Although the number of motor vehicles per population is much higher in developed countries, the toll due to road traffic injuries is highest in developing countries, WHO's report on road traffic injuries said.

Which are the key factors - all preventable, according to WHO - responsible for road traffic injuries?

  • Driving under the influence of alcohol (In the United States alone, based on NHTSA statistics, there were 17,419 alcohol-related fatalities in 2002, or 1 every 30 minutes).
  • Speeding.
  • Under-utilization of seat belts and child restraints.
  • Poor road design and roadway environment.
  • Unsafe vehicle design.
  • Under-implementation of road safety standards.
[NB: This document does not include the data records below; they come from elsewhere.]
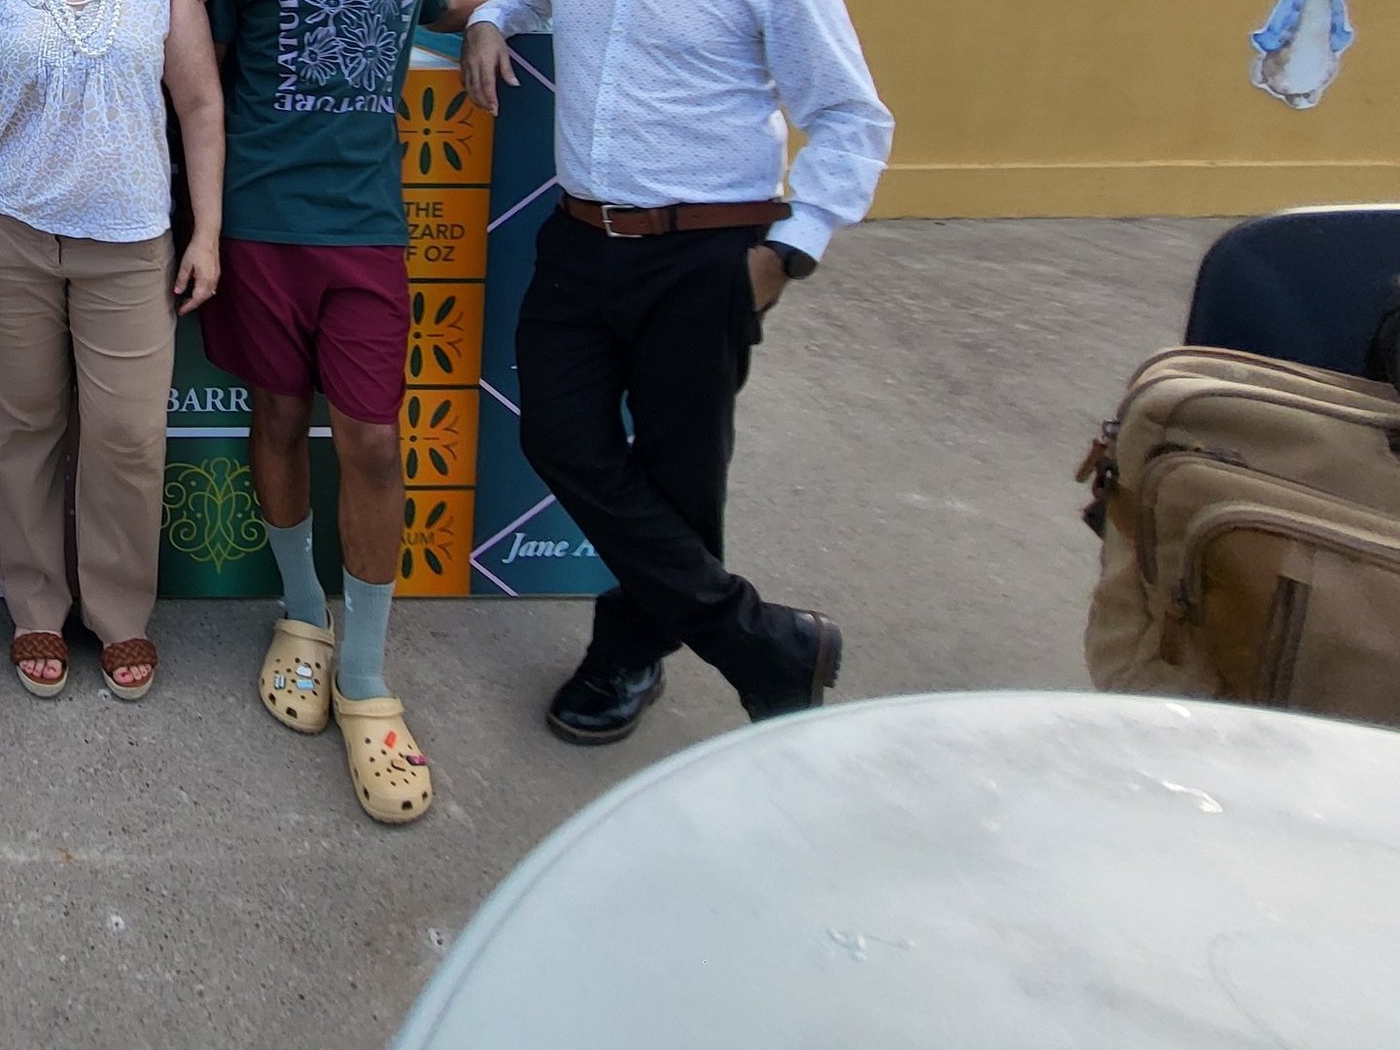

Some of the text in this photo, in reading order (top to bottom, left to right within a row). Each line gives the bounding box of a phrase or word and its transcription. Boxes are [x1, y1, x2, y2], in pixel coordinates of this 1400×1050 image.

[273, 92, 396, 114] NURTURE
[404, 201, 444, 218] THE
[408, 223, 466, 240] ZARD
[406, 245, 456, 262] F OZ
[166, 387, 253, 412] BARR
[501, 532, 570, 564] Jane
These are some of the highlights of WHO's 11-page report submitted to the U.N. General Assembly this past summer:

  • "The burden of road traffic injuries falls disproportionally on people in low- and middle-income countries.
  • "The magnitude of the road traffic injury problem varies according to geographical region. Thus, of the 1.26 million yearly road crash deaths in 2000, more than one-third (435,000) occurred in South-East Asia.
  • "Road traffic injuries involve issues of equity. They disproportionally affect the poor in developing countries, where the major road crash victims are vulnerable road users, such as pedestrians, cyclists, children and passengers.
  • "Road traffic injuries disproportionally affect young people. More than 50 percent of global mortality due to road traffic injury occurs among young adults, aged 15 to 44.
  • "Globally, the road traffic injury mortality rate for males is almost three times as high as it is for females."

"The evidence suggests that the global rise in road traffic injuries is only beginning and will exact a particularly heavy toll in developing countries," the WHO report concluded.

PAHO was established in 1902 and is the world's oldest public health organization. PAHO works with all the countries of the Americas to improve the health and the quality of life of its people. It serves as the Regional Office for the Americas of the World Health Organization (WHO).

PAHO Member States today include all 35 countries in the Americas. France, the Kingdom of the Netherlands, and the United Kingdom of Great Britain and Northern Ireland are Participating States. Portugal and Spain are Observer States, and Puerto Rico is an Associate Member.